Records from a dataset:
'''

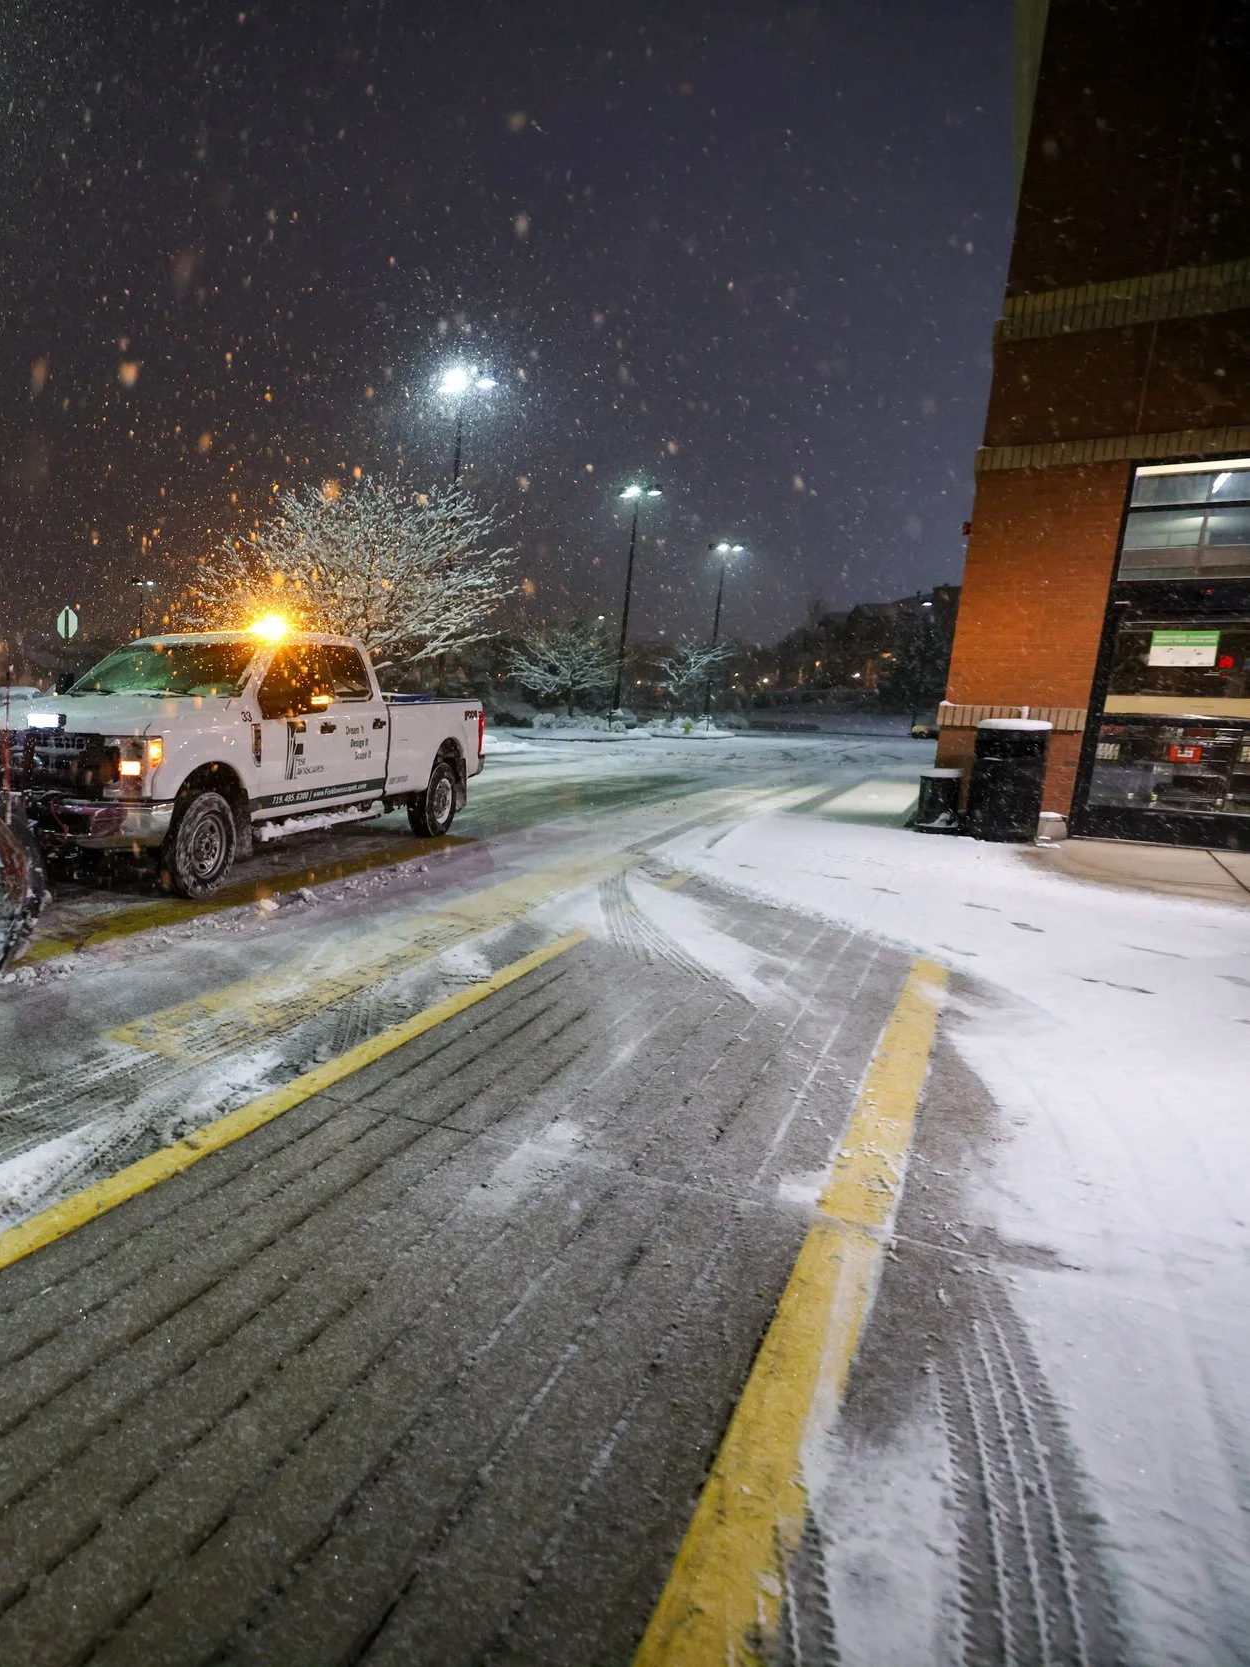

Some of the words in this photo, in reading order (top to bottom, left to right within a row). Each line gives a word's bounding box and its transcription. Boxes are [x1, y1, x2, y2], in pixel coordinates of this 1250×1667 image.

[241, 711, 252, 722] 33
[346, 725, 360, 735] Dream
[350, 738, 364, 749] Design
[355, 751, 367, 761] Scape

'''

Task -> Every record above must be given again exactly; drop the pictures.

Response ->
Some of the words in this photo, in reading order (top to bottom, left to right within a row). Each line gives a word's bounding box and its transcription. Boxes are [x1, y1, x2, y2], in pixel coordinates of this 1250×1667 image.

[241, 711, 252, 722] 33
[346, 725, 360, 735] Dream
[350, 738, 364, 749] Design
[355, 751, 367, 761] Scape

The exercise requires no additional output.